In a letter to universities, dated 30 July, director of competition and registration Susan Lapworth says that, following the experience of the coronavirus pandemic, the OfS does “not intend to reinstate our regulatory requirements exactly as before. Instead, we will target our work to ensure that it is increasingly risk-based with our regulation focused where it is most needed”.
Lapworth says the OfS will draw on its experience over the last two years as a regulator to ensure “providers that do not pose specific increased risk should have less regulatory burden”, taking into consideration a government desire to reduce bureaucracy for universities.
Many will interpret Lapworth’s words as an indication that the OfS intends to pivot back to the shepherding role for higher education previously provided by the Higher Education Funding Council for England.
In her letter, she says the OfS intends to “embed the model of engagement with providers that we have operated during the pandemic to help them navigate our regulatory requirements on an ongoing basis”. The regulator also plans to reduce its use of enhanced monitoring of institutions to “reflect a more established regulatory environment”.
However, the letter to accountable officers also says the OfS will shortly “issue regulatory guidance on the public interest governance principles relating to academic freedom and free speech”.

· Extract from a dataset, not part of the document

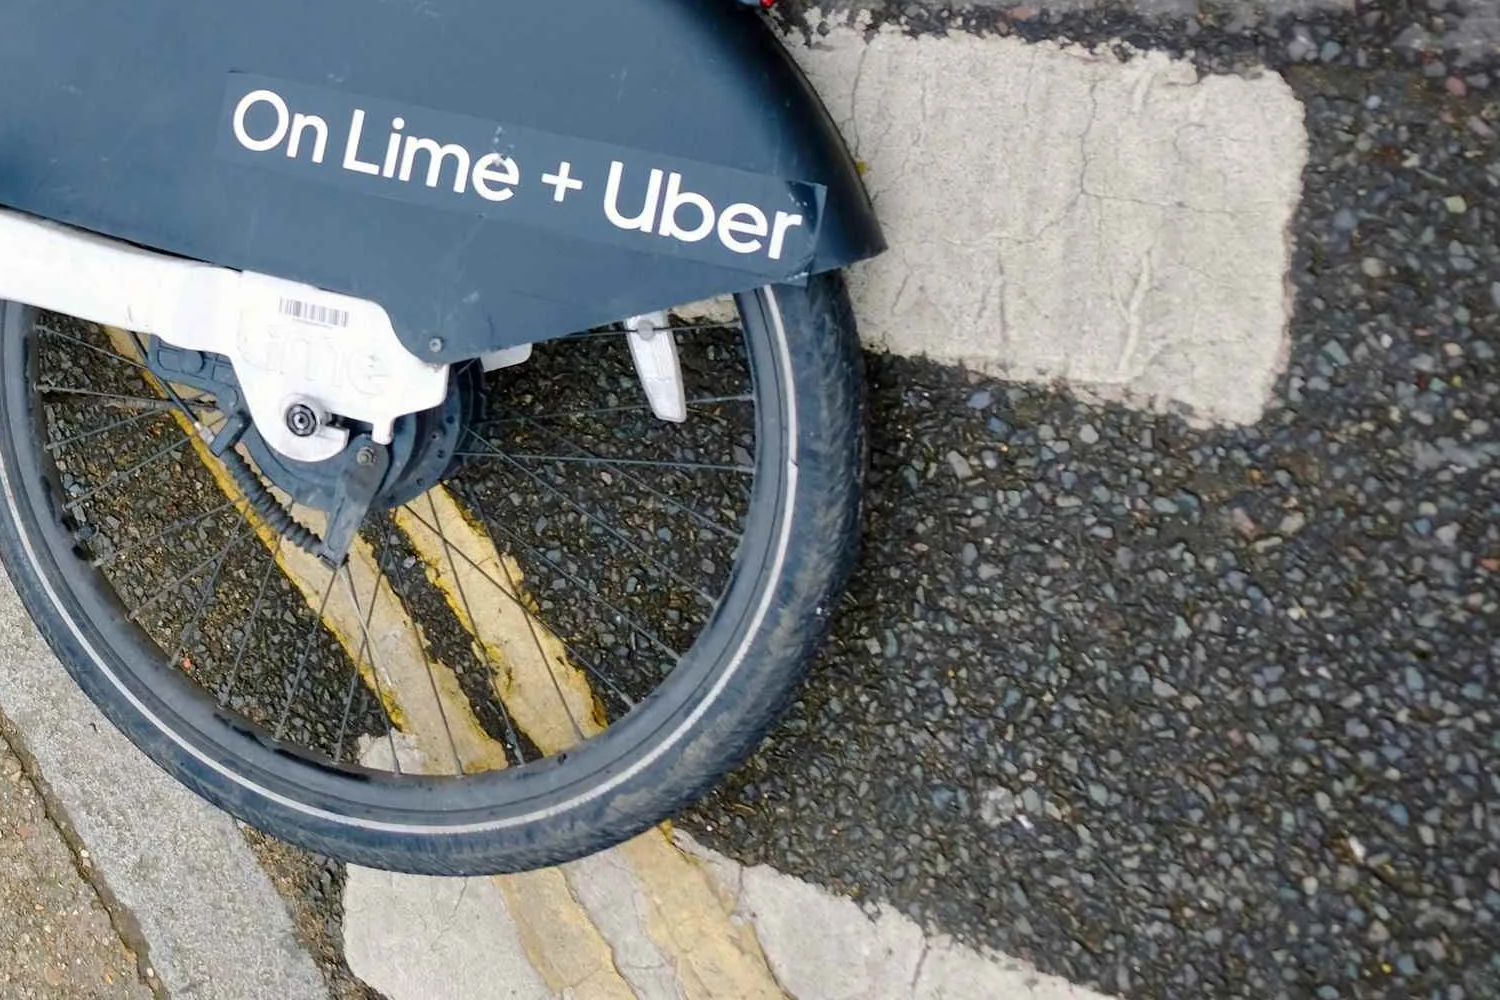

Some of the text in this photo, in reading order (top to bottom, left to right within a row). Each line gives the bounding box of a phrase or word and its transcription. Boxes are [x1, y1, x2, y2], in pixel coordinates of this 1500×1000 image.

[232, 89, 804, 260] On Lime + Uber

In a change to reporting rules, universities will be given more time to submit financial data given the pressures imposed by the spread of Covid-19. However, the regulator plans to introduce a new requirement to report any potential breach of banking covenants by an institution.
The OfS will also introduce an extra interim data collection later this year in October, to allow the regulator an early look at a university’s expected position at the end of the financial year and its forecasts for 2021—including any new agreed or forecast borrowing. Lapworth says the regulator recognises that such data will not be as accurate as it would be as part of an annual financial return.
The letter also provides details on the revised timetable for reporting requirements and consultations following the hiatus on some regulatory activity during the coronavirus lockdown.